Nel caso si sospetti l’osteoporosi, malattia dello scheletro caratterizzata dalla compromissione della resistenza dell’osso, che predispone ad un aumento del rischio di fratture e che diventa più frequente nella donna in menopausa, soprattutto in presenza di alcuni fattori di rischio, l’indagine diagnostica di riferimento è la densitometria o MOC (Mineralometria Ossea Computerizzata).
Si tratta di una metodica innocua, di facile esecuzione e di costo relativamente contenuto, che consente di misurare in modo accurato e preciso la massa e la densità minerale ossea, considerata un importante fattore della resistenza meccanica dell’osso.
Il risultato della densitometria, se patologico, va sempre fatto seguire da una valutazione più complessiva che può o meno consentire di formulare la diagnosi della malattia.
Attualmente l’esame di riferimento per la diagnosi densitometrica di osteoporosi è rappresentato dalla densitometria a raggi X del femore e della colonna lombare con valore predittivo del rischio di frattura più elevato se viene misurato il sito specifico.
Anche se in misura inferiore, la valutazione densitometrica a raggi X di siti periferici (polso, calcagno,) è comunque predittiva di fratture in sedi scheletriche clinicamente più rilevanti quali quelle vertebrali e di femore.
Tuttavia mentre i metodi che misurano la densità ossea del rachide o del femore prossimale sono adatti a porre diagnosi di osteoporosi, la densitometria ossea periferica deve invece essere utilizzata solo come indice di aumentato rischio di frattura e pertanto il sospetto diagnostico va poi confermato con una valutazione a livello del femore o del rachide.

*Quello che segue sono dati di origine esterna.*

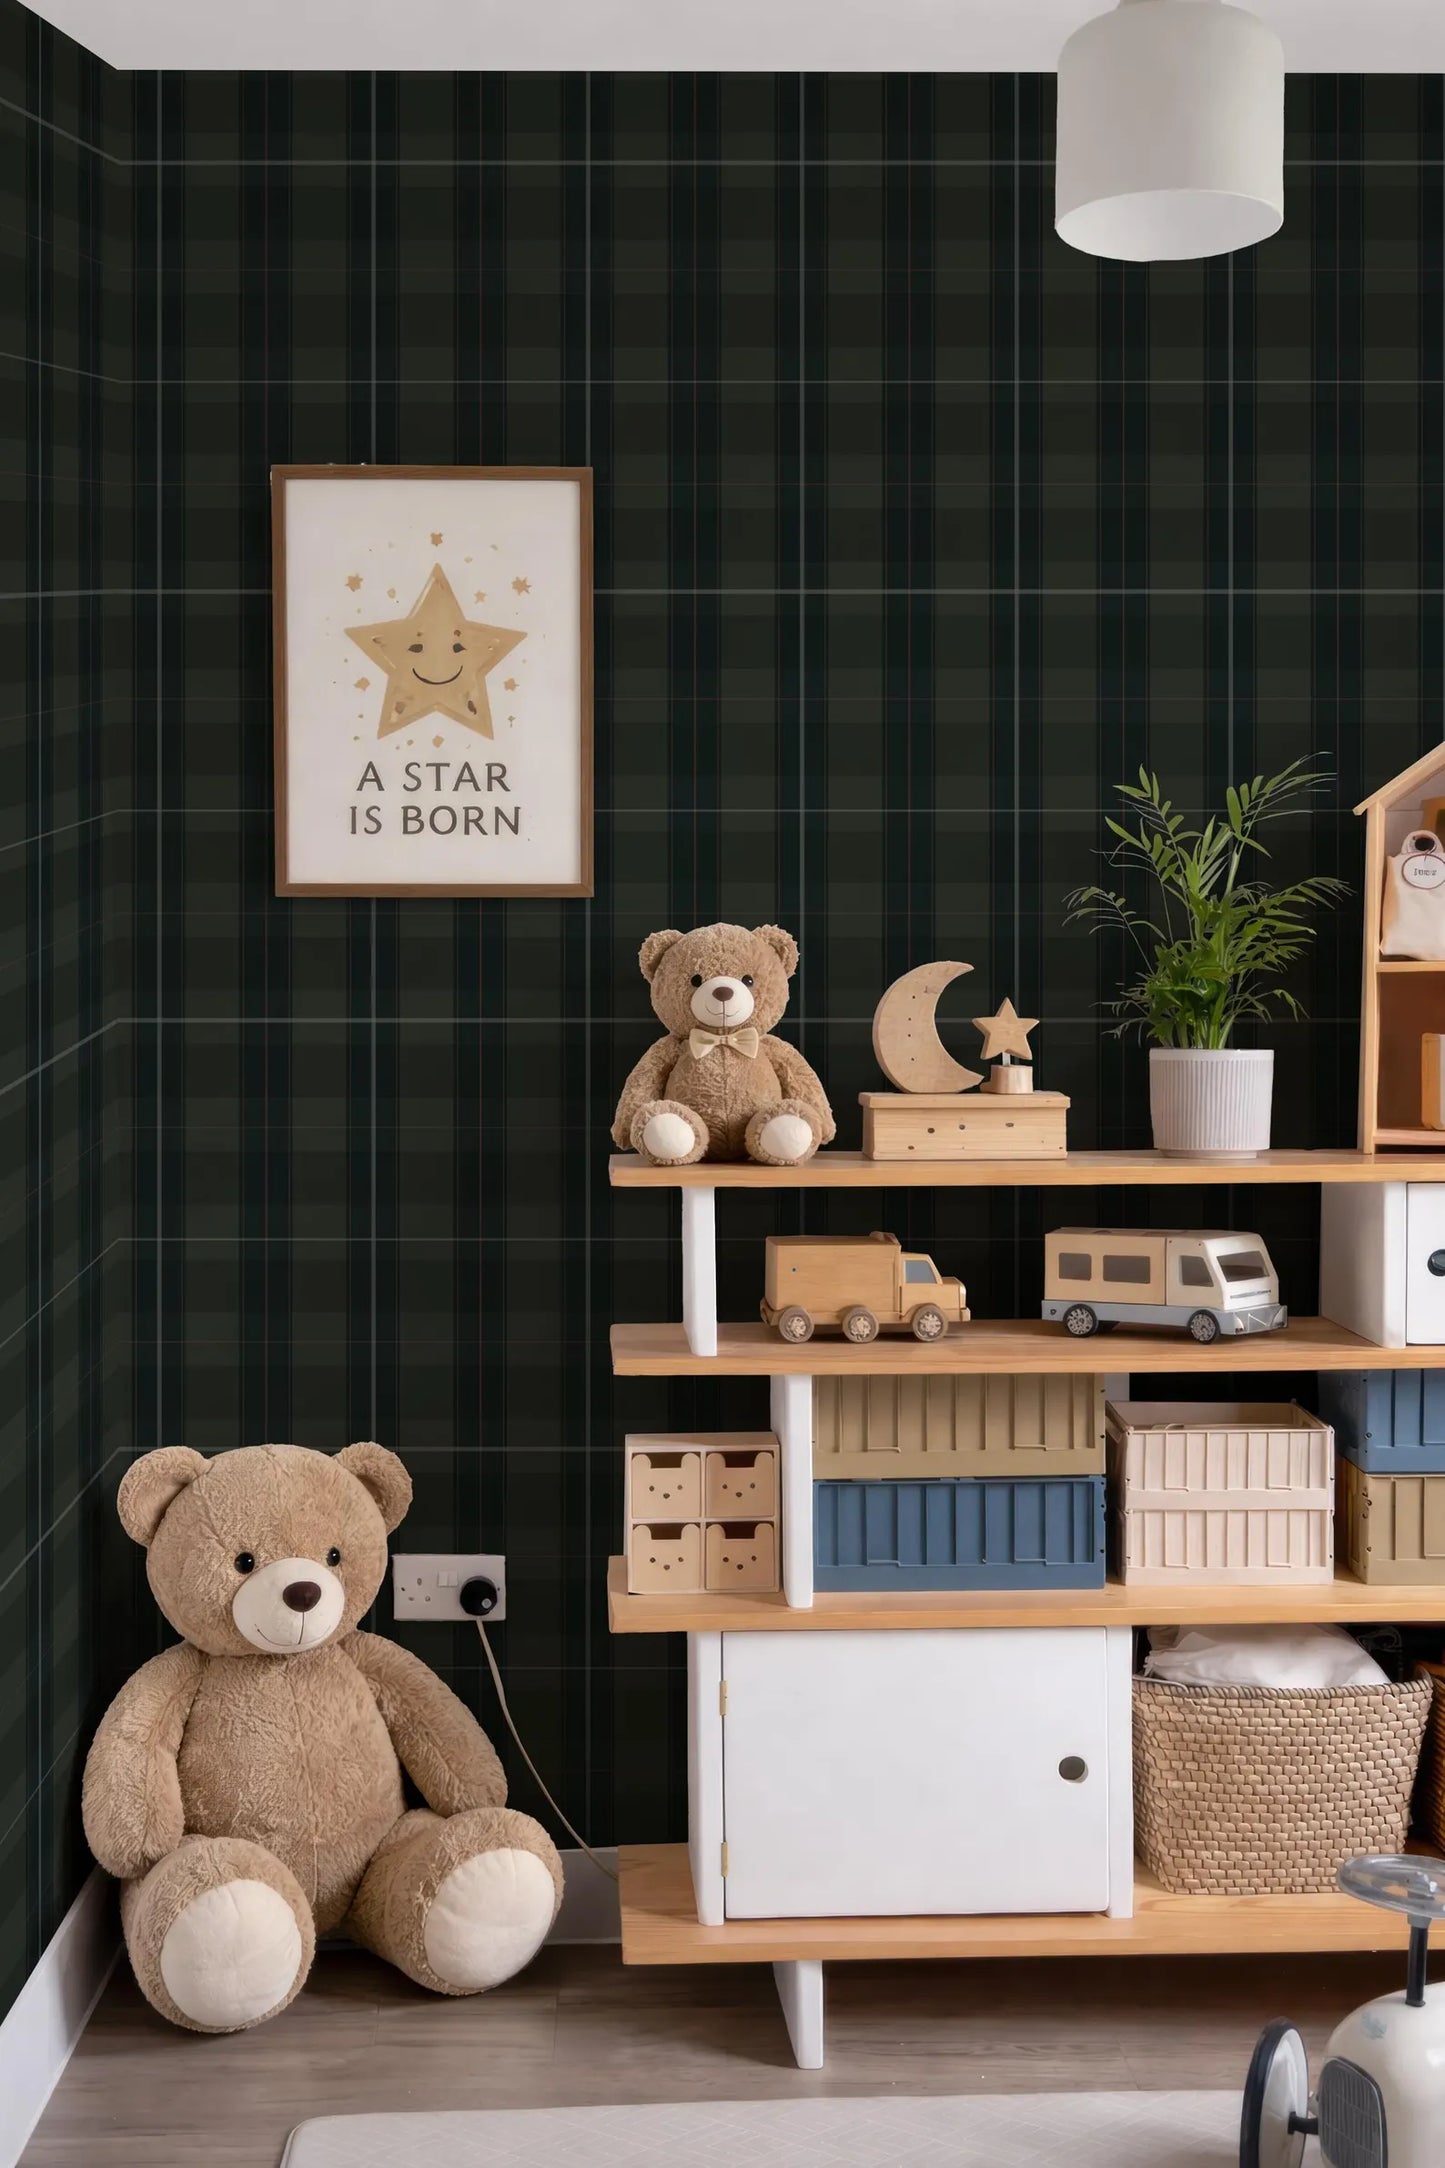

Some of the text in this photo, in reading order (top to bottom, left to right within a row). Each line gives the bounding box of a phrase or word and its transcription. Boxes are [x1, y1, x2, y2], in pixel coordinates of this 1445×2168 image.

[356, 760, 511, 792] A STAR
[349, 805, 521, 836] IS BORN

La densitometria della colonna lombare è preferita nel monitoraggio della massa ossea postmenopausale o in corso di terapia cortisonica. Il sito lombare è tuttavia poco accurato nelle persone anziane per l’interferenza di osteofiti vertebrali, calcificazioni extra-scheletriche o, paradossalmente, per esiti di frattura. Per questo motivo e per la maggiore capacità predittiva della frattura in quella sede, la valutazione della densità femorale può essere preferibile dopo i 65 anni.
Quando fare la densitometria
La valutazione delle variazioni della massa ossea nel tempo può risultare utile sia per monitorare l’efficacia di un eventuale trattamento sia per individuare soggetti che stanno perdendo osso ad una velocità eccessiva. L’intervallo di tempo necessario per rilevare una variazione della massa ossea nel tempo dipende dalla velocità della variazione nel sito scheletrico in esame e dal coefficiente di variazione (CV) della tecnica.

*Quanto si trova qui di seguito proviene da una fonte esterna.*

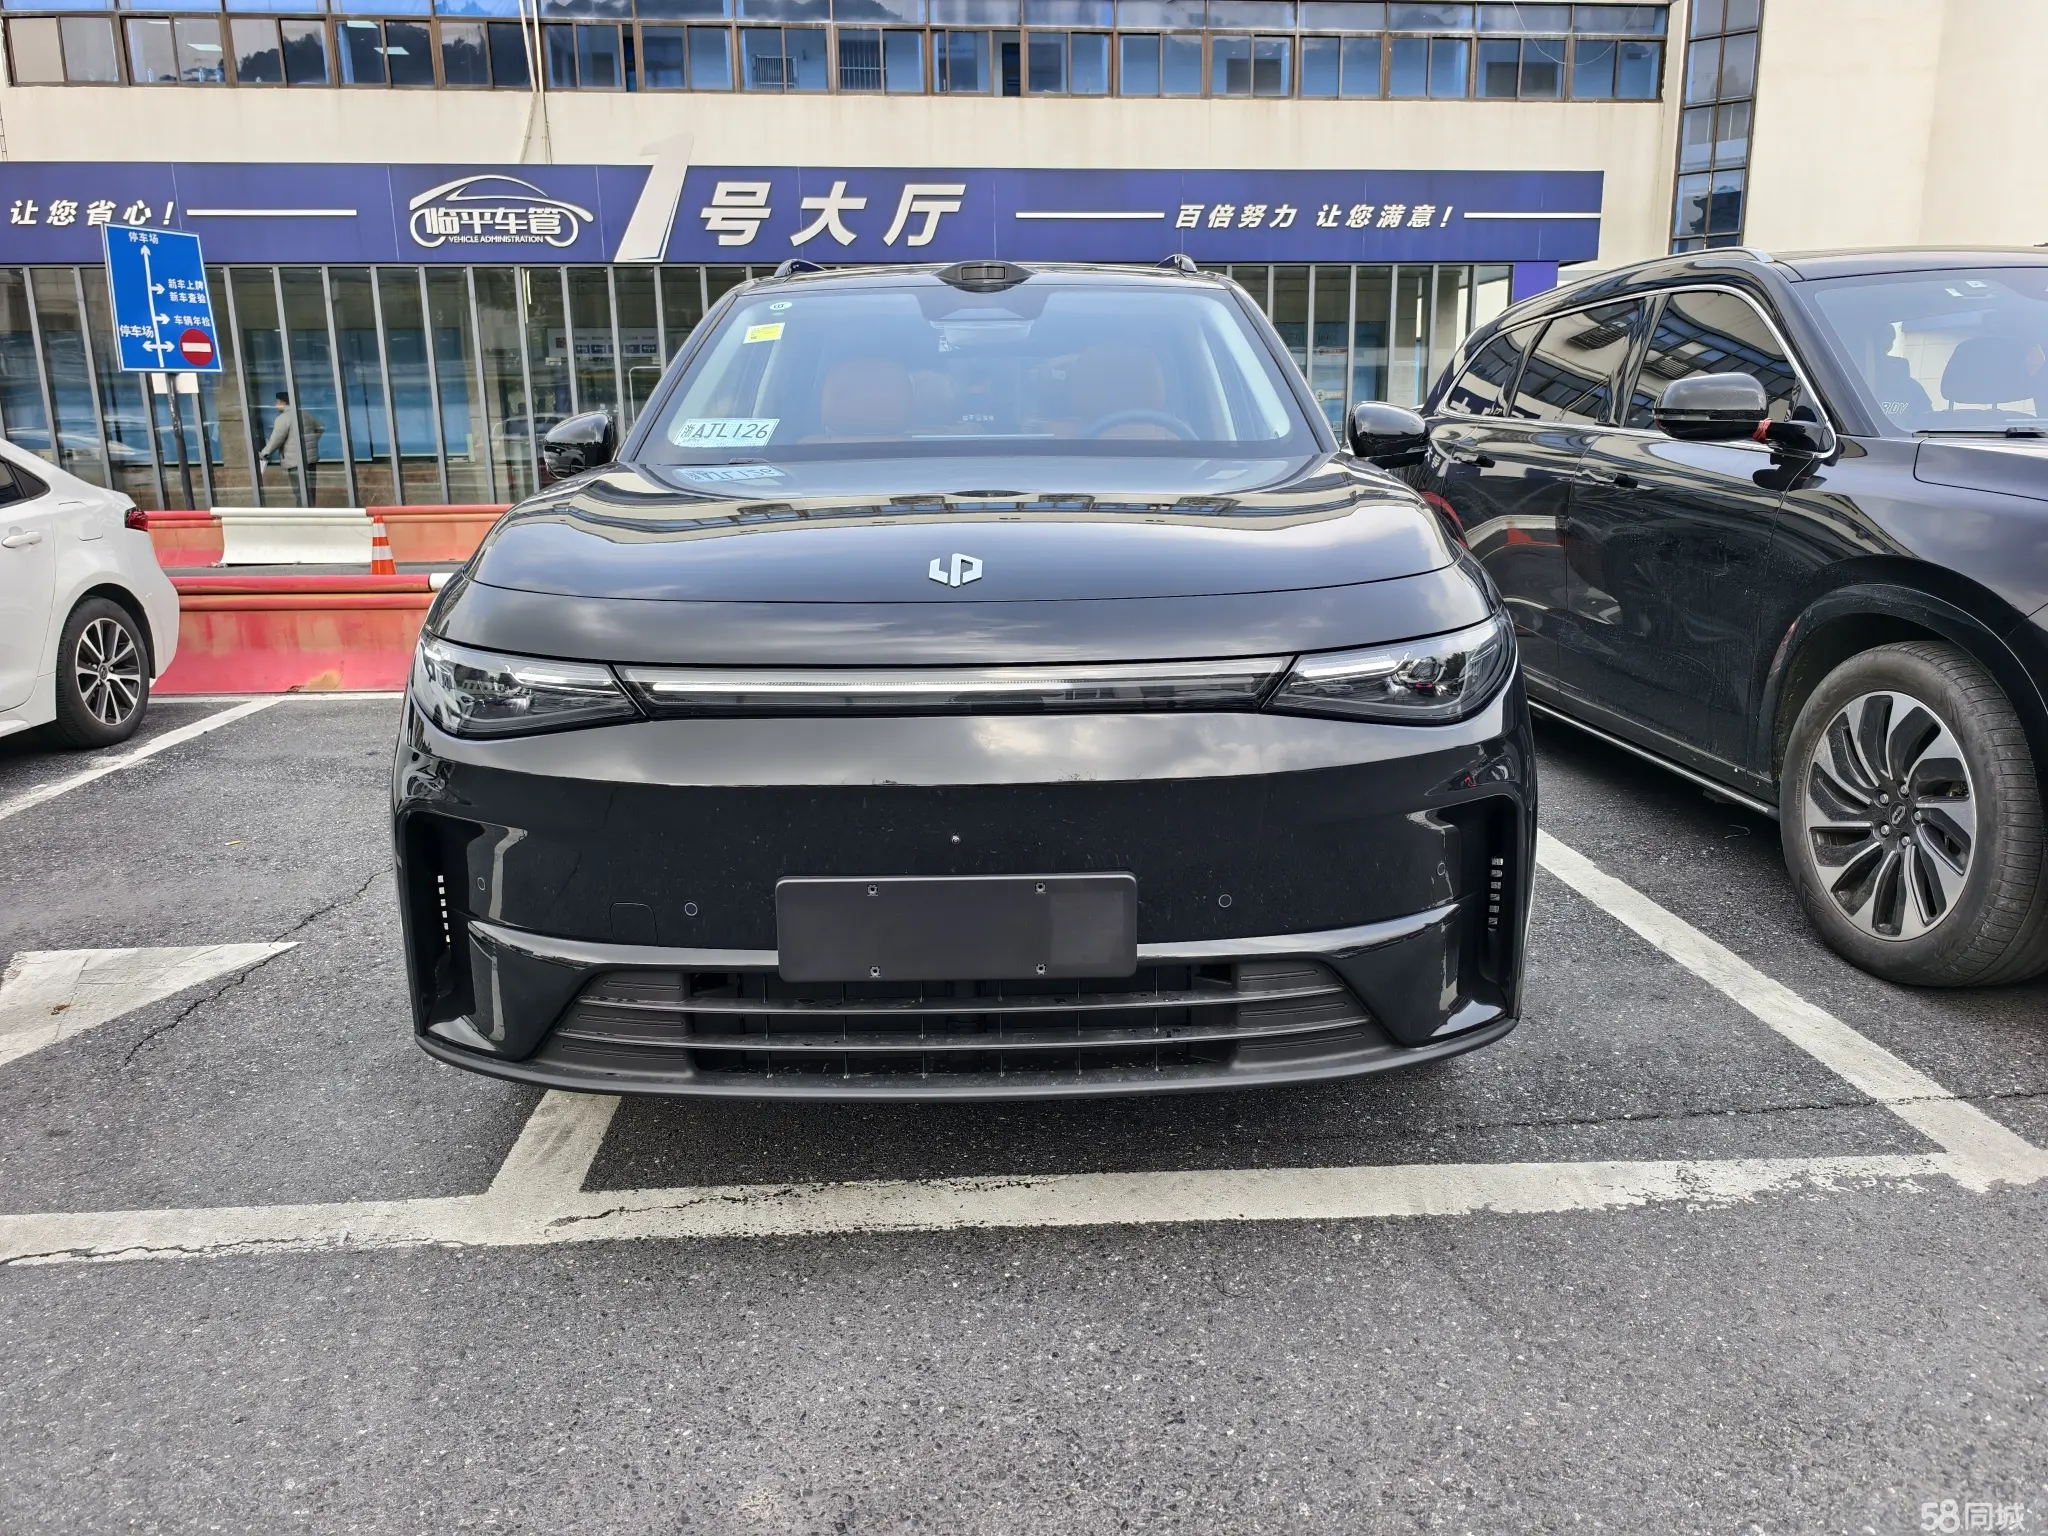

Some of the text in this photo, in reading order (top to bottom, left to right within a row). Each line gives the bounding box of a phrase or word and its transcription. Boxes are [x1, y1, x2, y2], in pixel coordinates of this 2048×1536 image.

[613, 132, 966, 263] 1号大厅
[424, 207, 561, 235] 临平车管
[1175, 204, 1453, 229] 百倍努力 让您满意!
[128, 231, 159, 244] 停车场
[168, 278, 204, 291] 新车上牌
[169, 291, 206, 304] 新车查验
[173, 314, 212, 327] 车辆年检
[119, 324, 154, 338] 停车场

Non c’è accordo sull’utilità di far eseguire uno screening generalizzato del rischio di osteoporosi con l’esame densitometrico a tutte le donne in menopausa, in quanto i benefici connessi al trattamento sono molto superiori ai rischi ed ai costi connessi all’indagine diagnostica.

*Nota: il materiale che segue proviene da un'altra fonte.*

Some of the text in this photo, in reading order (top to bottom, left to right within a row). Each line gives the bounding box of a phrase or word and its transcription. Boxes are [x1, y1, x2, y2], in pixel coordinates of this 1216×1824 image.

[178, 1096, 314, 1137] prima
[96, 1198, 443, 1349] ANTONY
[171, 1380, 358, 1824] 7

Esiste invece ampio consenso nel consigliare l’indagine densitometrica solo su base individuale ed in considerazione dell’età e della presenza di fattori di rischio. Ad esempio, a parità di massa ossea il rischio di frattura aumenta di 2 volte per ogni decade di vita oltre la quinta e di 3 volte se il paziente è già andato incontro ad una frattura.
Poiché la valutazione densitometrica non è gravata da alcun rischio per il paziente, l’unica sua limitazione consiste nell’eventuale suo sfavorevole rapporto costi/benefici: di conseguenza la presenza di fattori di rischio nella donna devono costituire la premessa clinica all’esecuzione dell’esame.
In linea generale tutte le donne in menopausa con fattori di rischio aggiuntivi, dovrebbero effettuare una MOC ad intervalli di uno-due anni ed iniziare una terapia farmacologica se la perdita ossea annua supera il 3% corporeo totale.
Donne a rischio per osteoporosi:
Approfondimenti diagnostici: quando e quali ?
Una valutazione clinica complessiva (anamnesi accurata ed esame obiettivo) è indicata in tutti le pazienti nelle quali sia presente una demineralizzazione ossea o fratture non-traumatiche non spiegate dalla presenza di fattori di rischio adeguati.
In questi casi va sempre esclusa la secondarietà dell’osteoporosi o la presenza di altre patologie: è infatti possibile che la ridotta densità ossea rappresenti una manifestazione di patologie endocrine, metaboliche, renali, reumatiche, gastroenteriche, ematologiche o di deficit nutrizionali o di effetti farmacologici jatrogeni (corticosteroidi, anticonvulsivanti, ormoni tiroidei). Talvolta invece un risultato densitometrico patologico o fratture patologiche sono l’espressione di patologie più gravi come l’osteomalacia, il mieloma multiplo, le metastasi scheletriche o l’osteodistrofia renale, che vanno ricercate con un’appropriata diagnostica differenziale.